To add a compute network

1. On the Compute > Network > Networks tab, click Create network.

2. On the Network configuration step:

   1. Enable or disable IP address management:

      • With IP address management enabled, VMs connected to the network will automatically be assigned IP addresses from allocation pools by the built-in DHCP server and use custom DNS servers. Additionally, spoofing protection will be enabled for all VM network ports by default. Each VM network interface will be able to accept and send IP packets only if it has IP and MAC addresses assigned. You can disable spoofing protection manually for a VM interface, if required.
      • With IP address management disabled, VMs connected to the network will obtain IP addresses from the DHCP servers in that network, if any. Also, spoofing protection will be disabled for all VM network ports, and you cannot enable it manually. This means that each VM network interface, with or without assigned IP and MAC addresses, will be able to accept and send IP packets.

      In any case, you will be able to manually assign static IP addresses from inside the VMs.

   2. Select the network type: virtual (VXLAN-based) or physical (flat or VLAN-based).

   3. Provide the network details, depending on the type:

      • For a virtual network, specify a name.

      • For a physical network, specify a name and select an infrastructure network with the VM public traffic type. Then, select VLAN and specify a VLAN ID to create a VLAN-based network, or select Untagged to create a flat physical network.

   4. Click Next.

   

3. If you enabled IP address management, you will move on to the Subnet configuration step, where you can configure the network settings for IP address management:

   1. Specify the network’s IPv4 address range and, optionally, specify a gateway. If you leave the Gateway field blank, the gateway will be omitted from network settings.

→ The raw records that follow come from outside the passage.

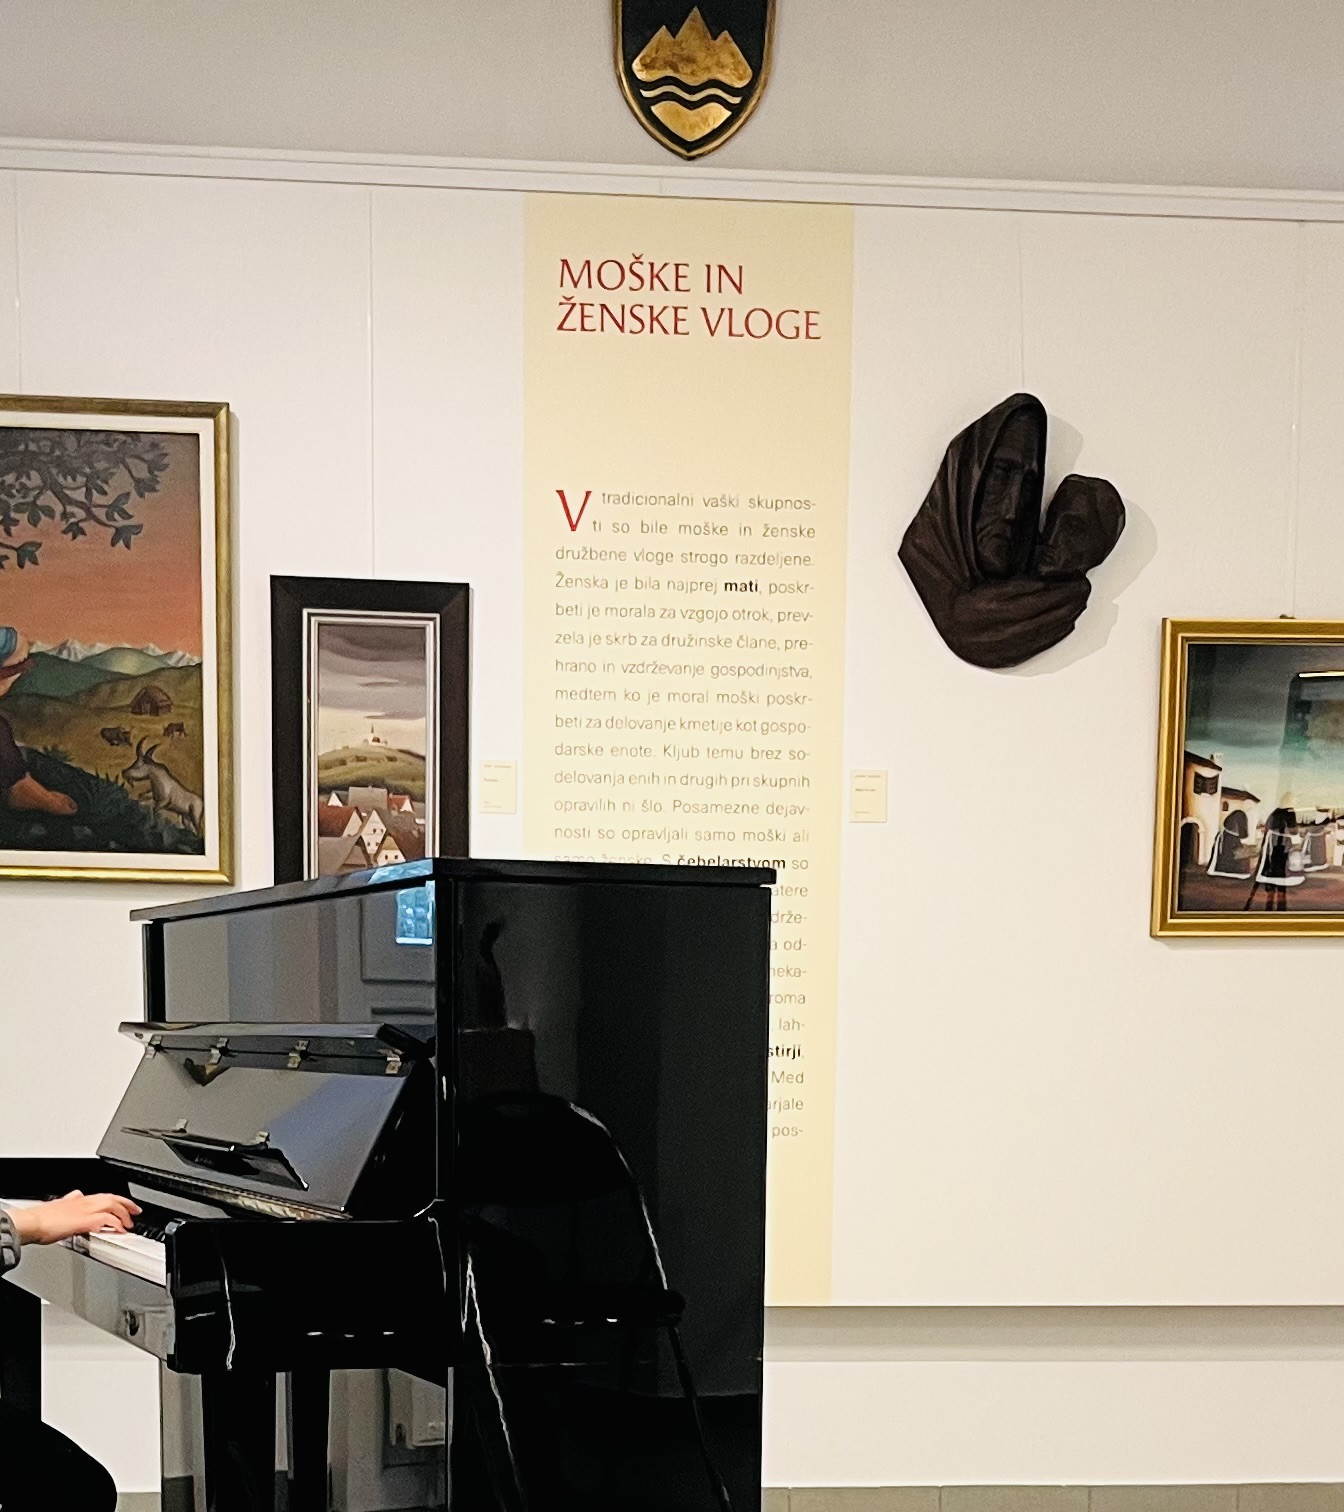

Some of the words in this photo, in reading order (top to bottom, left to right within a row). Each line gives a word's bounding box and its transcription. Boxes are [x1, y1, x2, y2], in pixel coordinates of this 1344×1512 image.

[560, 253, 691, 292] MOŠKE
[705, 264, 744, 294] IN
[557, 296, 690, 335] ŽENSKE
[701, 307, 821, 339] VLOGE
[556, 490, 592, 531] V
[602, 492, 694, 507] tradicionalni
[702, 493, 739, 508] vaški
[748, 494, 816, 512] skupnos-
[592, 520, 601, 532] ti
[612, 522, 630, 534] so
[640, 520, 668, 534] bile
[678, 521, 728, 536] moške
[739, 522, 752, 536] in
[762, 523, 816, 538] ženske
[556, 546, 626, 562] družbene
[634, 549, 674, 565] vloge
[680, 550, 728, 565] strogo
[736, 550, 815, 568] razdeljene.
[556, 571, 608, 589] Ženska
[616, 576, 628, 592] je
[634, 576, 660, 590] bila
[667, 577, 718, 594] najprej
[724, 580, 762, 594] mati,
[768, 580, 814, 595] poskr-
[556, 603, 582, 617] beti
[588, 604, 600, 619] je
[605, 604, 656, 618] morala
[660, 608, 676, 620] za
[680, 608, 728, 624] vzgojo
[732, 607, 773, 622] otrok,
[777, 610, 813, 623] prev-
[555, 632, 584, 645] zela
[588, 632, 601, 648] je
[606, 632, 636, 646] skrb
[641, 636, 657, 646] za
[661, 634, 732, 649] družinske
[736, 635, 780, 650] člane,
[784, 638, 813, 651] pre-
[556, 659, 596, 673] hrano
[603, 660, 614, 674] in
[622, 660, 704, 678] vzdrževanje
[710, 663, 812, 679] gospodinjstva,
[556, 688, 616, 701] medtem
[624, 689, 640, 702] ko
[647, 690, 660, 704] je
[668, 690, 708, 704] moral
[716, 690, 760, 704] moški
[766, 692, 812, 707] poskr-
[556, 714, 582, 728] beti
[586, 718, 602, 729] za
[606, 716, 676, 733] delovanje
[680, 717, 732, 734] kmetije
[736, 718, 756, 732] kot
[760, 721, 812, 735] gospo-
[555, 742, 603, 756] darske
[663, 744, 699, 761] Kljub
[706, 746, 743, 760] temu
[750, 746, 782, 760] brez
[788, 749, 811, 761] so-
[555, 770, 624, 786] delovanja
[629, 772, 660, 785] enih
[664, 773, 676, 786] in
[680, 772, 728, 789] drugih
[731, 774, 749, 789] pri
[753, 774, 810, 790] skupnih
[554, 798, 616, 814] opravilih
[622, 800, 634, 812] ni
[672, 800, 759, 814] Posamezne
[766, 801, 810, 818] dejav-
[554, 826, 590, 840] nosti
[598, 828, 614, 840] so
[622, 827, 688, 844] opravljali
[695, 830, 736, 842] samo
[742, 828, 786, 842] moški
[792, 830, 809, 844] ali
[677, 854, 786, 869] čebelarstvom
[792, 859, 809, 870] so
[771, 885, 809, 898] atere
[768, 1044, 805, 1060] stirji,
[771, 1070, 804, 1084] Med
[772, 1125, 803, 1139] pos-

4. Enable or disable the built-in DHCP server:

   • With the DHCP server enabled, VM network interfaces will automatically be assigned IP addresses: either from allocation pools or, if there are no pools, from the network’s entire IP range.
   • With the DHCP server disabled, VM network interfaces will still get IP addresses, but you will have to manually assign them inside VMs.

   The virtual DHCP service will work only within the current network and will not be exposed to other networks.

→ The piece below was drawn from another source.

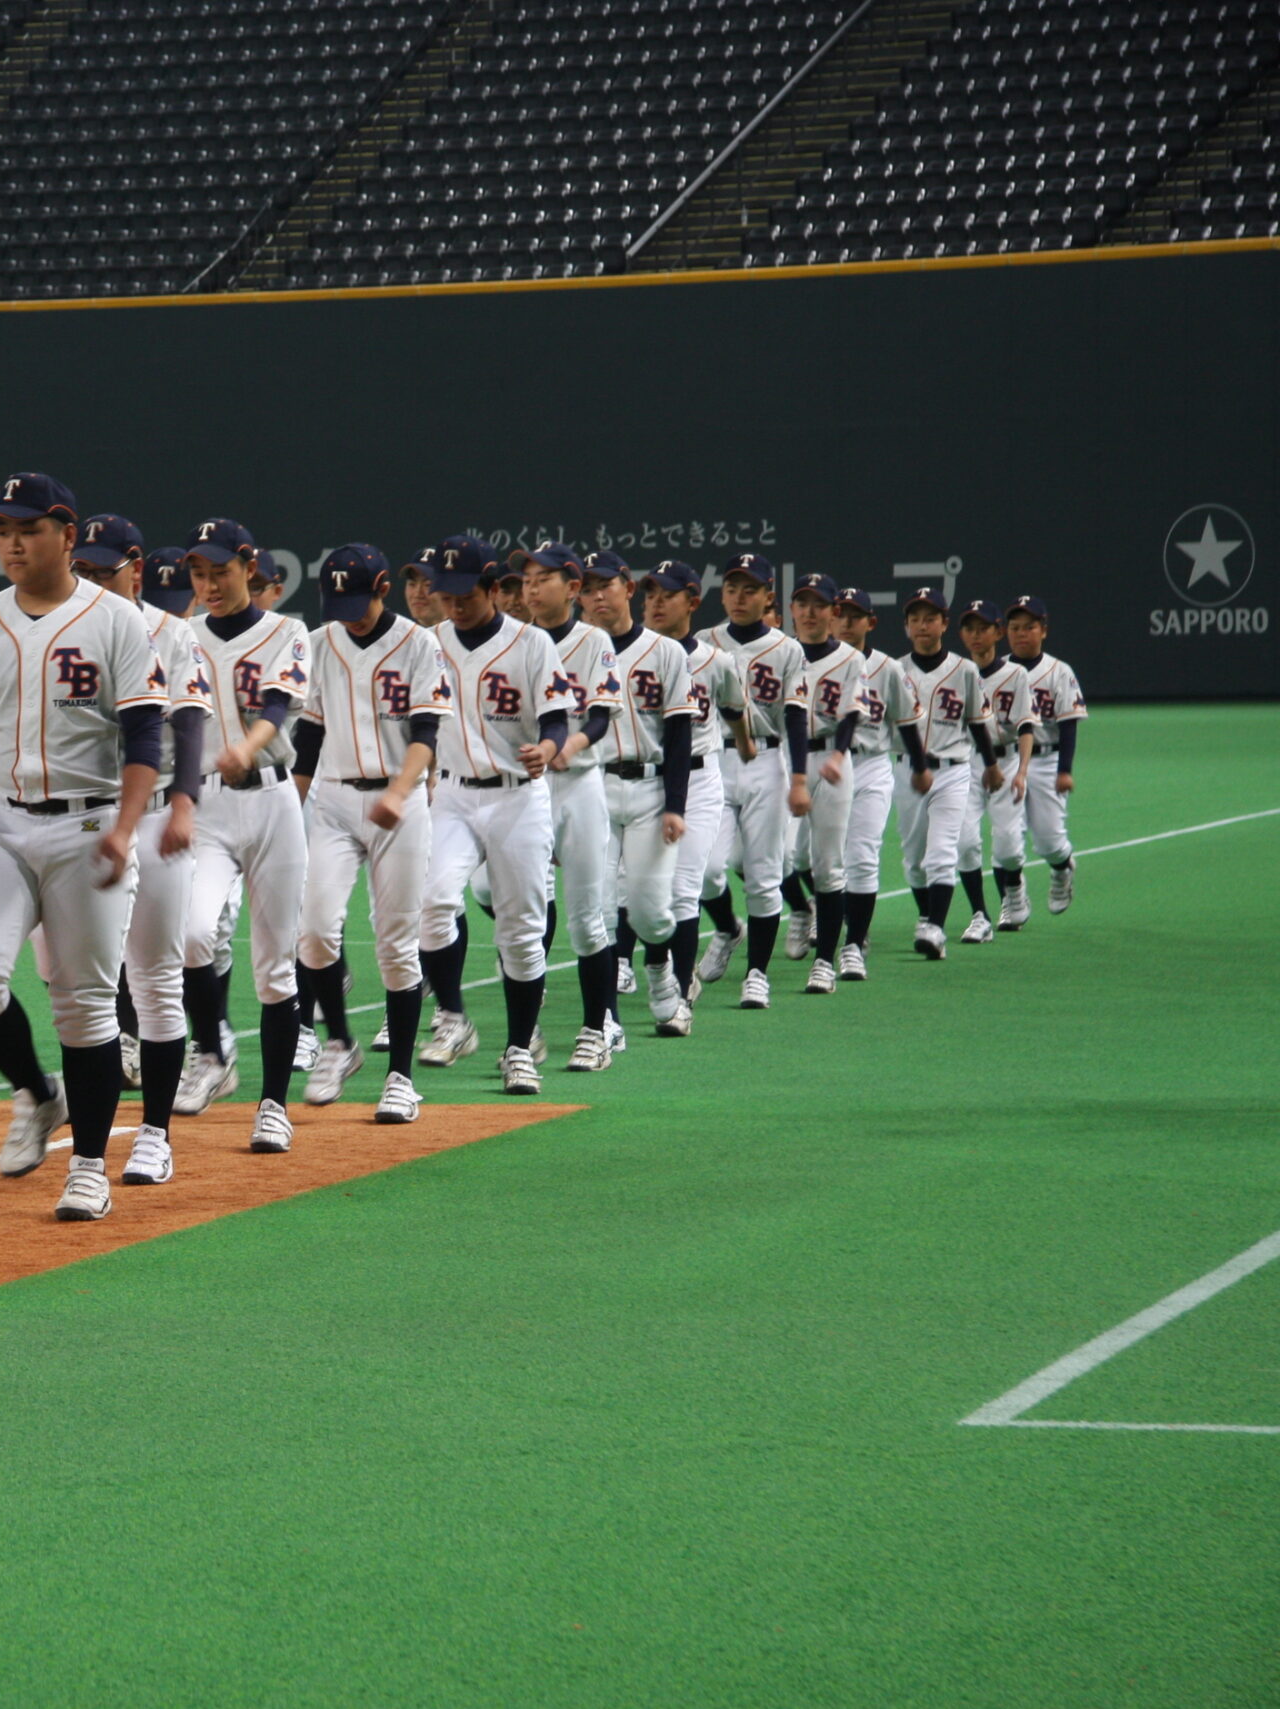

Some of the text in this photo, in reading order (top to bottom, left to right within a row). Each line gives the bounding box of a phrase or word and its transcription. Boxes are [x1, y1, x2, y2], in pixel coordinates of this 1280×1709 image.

5. Specify one or more allocation pools (ranges of IP addresses that will be automatically assigned to VMs).

6. Specify DNS servers that will be used by virtual machines. These servers can be delivered to VMs via the built-in DHCP server or by using the cloud-init network configuration (if cloud-init is installed in the VM).

7. Click Next.



4. If you selected to create a physical network, you will move on to the Network access step, where you can configure the network access:

   1. Select projects to provide network access to:

      • If you want the network to be accessed from all existing and new projects, select All projects.
      • If you want the network to be accessed from all projects within a domain, select Select projects, and then select the check box next to the required domain.
      • If you want the network to be accessed from a particular project within a domain, select Select projects, click the domain name, and then select the required project.
      • If you do not want to share the network, skip this step by clicking Next.

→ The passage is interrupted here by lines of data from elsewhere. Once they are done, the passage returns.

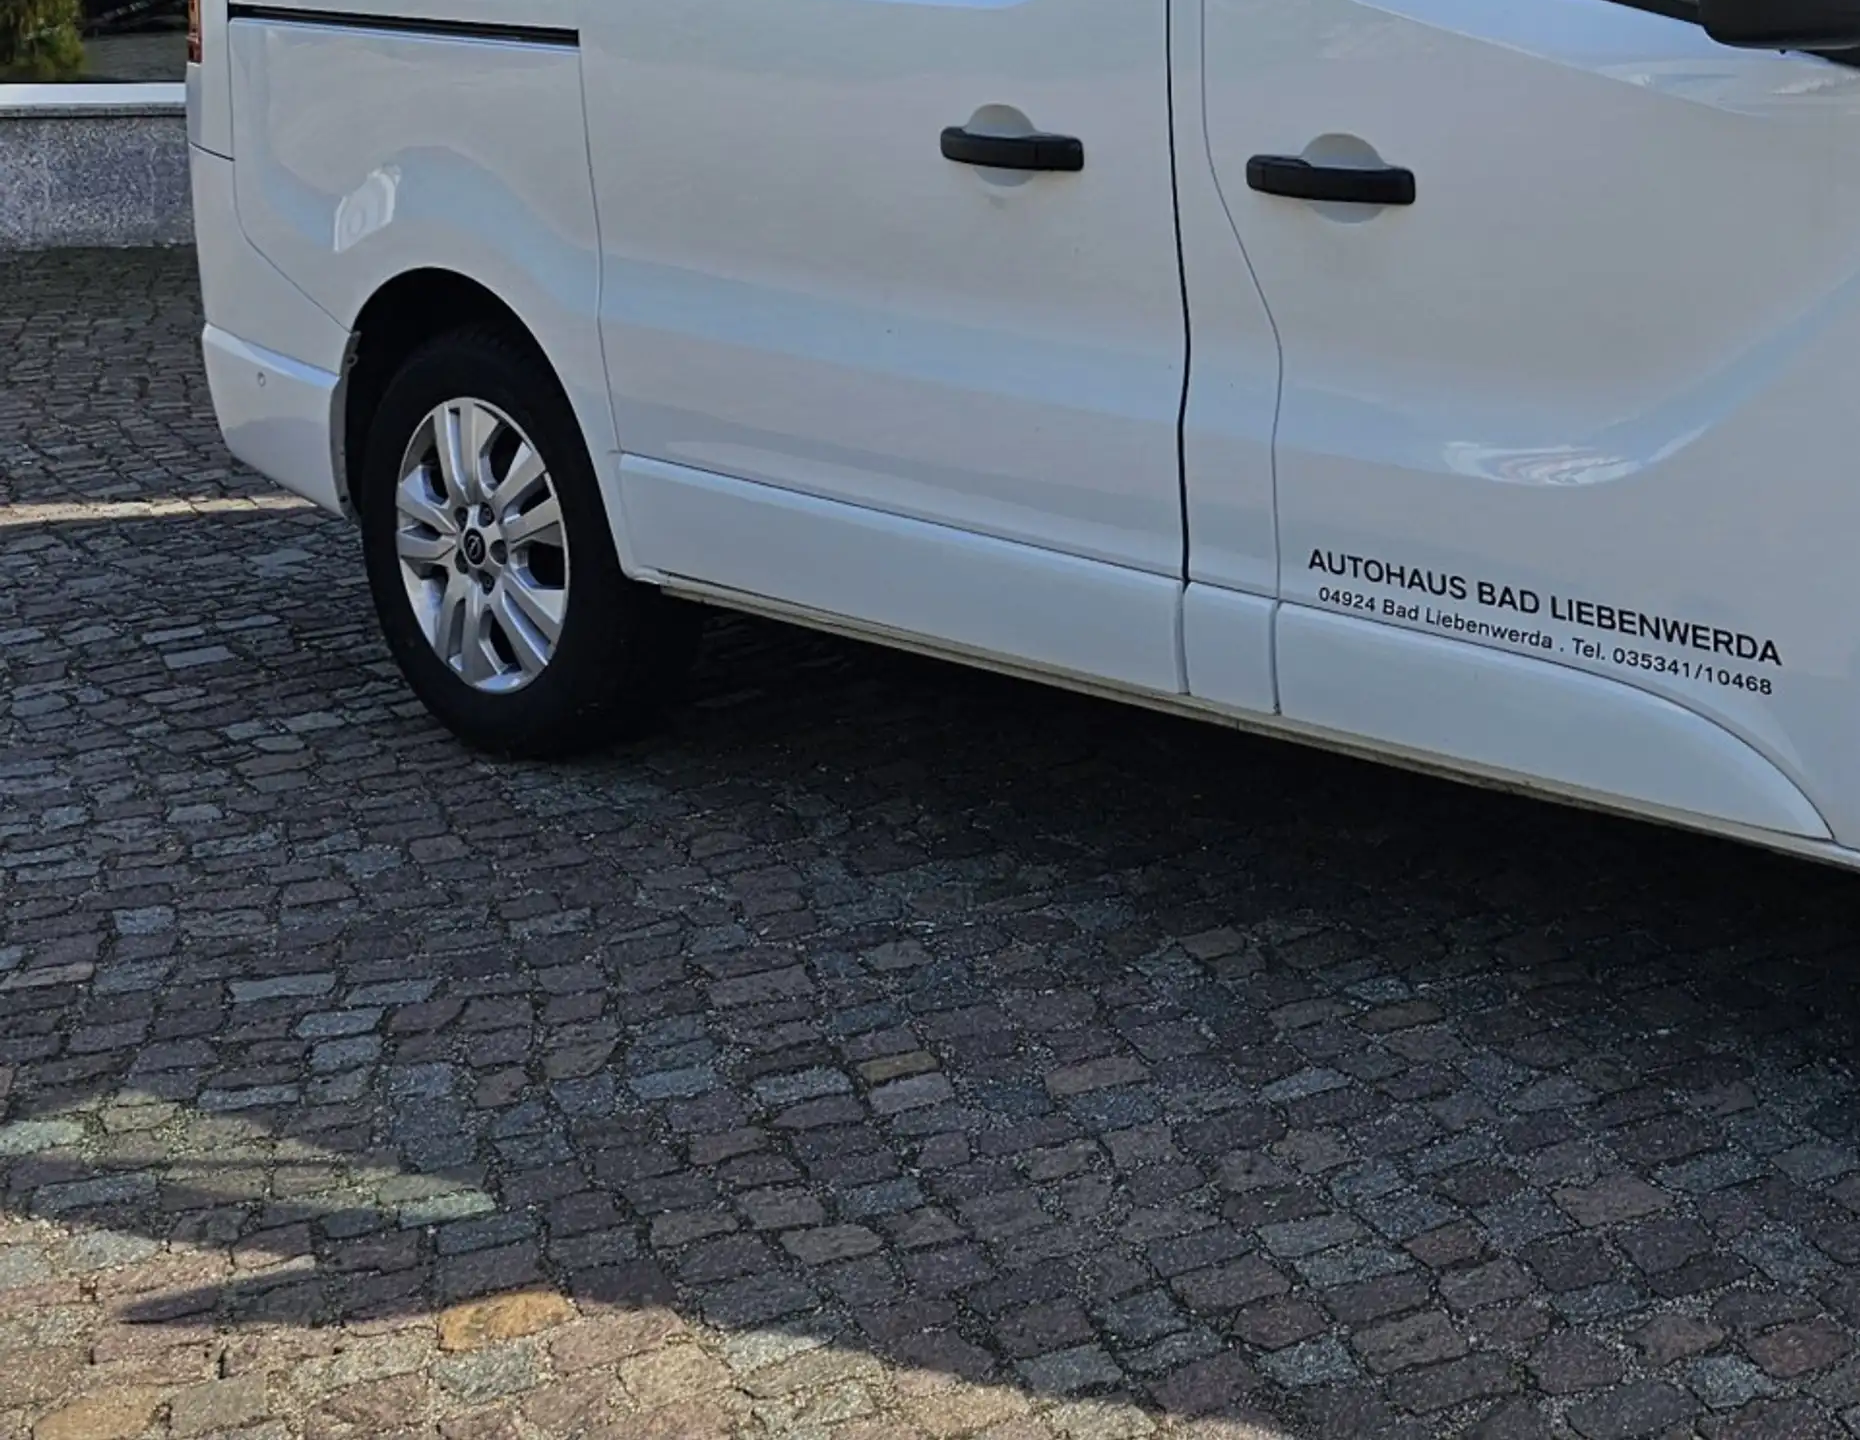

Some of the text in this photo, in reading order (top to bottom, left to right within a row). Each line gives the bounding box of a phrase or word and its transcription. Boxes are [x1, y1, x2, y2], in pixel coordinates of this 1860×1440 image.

[1308, 548, 1783, 667] AUTOHAUS BAD LIEBENWERDA
[1318, 586, 1376, 612] 04924
[1382, 598, 1420, 622] Bad
[1425, 607, 1553, 651] Liebenwerda
[1571, 637, 1607, 661] Tel.
[1612, 647, 1773, 696] 035341/10468

   2. Select the access type:

      • By providing full access, you allow virtual machines in the selected projects to communicate with this network either directly or via virtual routers.
      • By providing routed access, you allow virtual machines in the selected projects to communicate with this network only via virtual routers.

      You can also provide direct access, which implies a direct connection of virtual machines within projects to a physical network. Direct access can be granted only via the vinfra tool by specifying direct in the --rbac-policies option (refer to "vinfra service compute network create" in the Administrator Command Line Guide). You cannot configure this access type in the admin panel.

   3. Click Next.

   

5. On the Summary step, review the configuration, and then click Add network.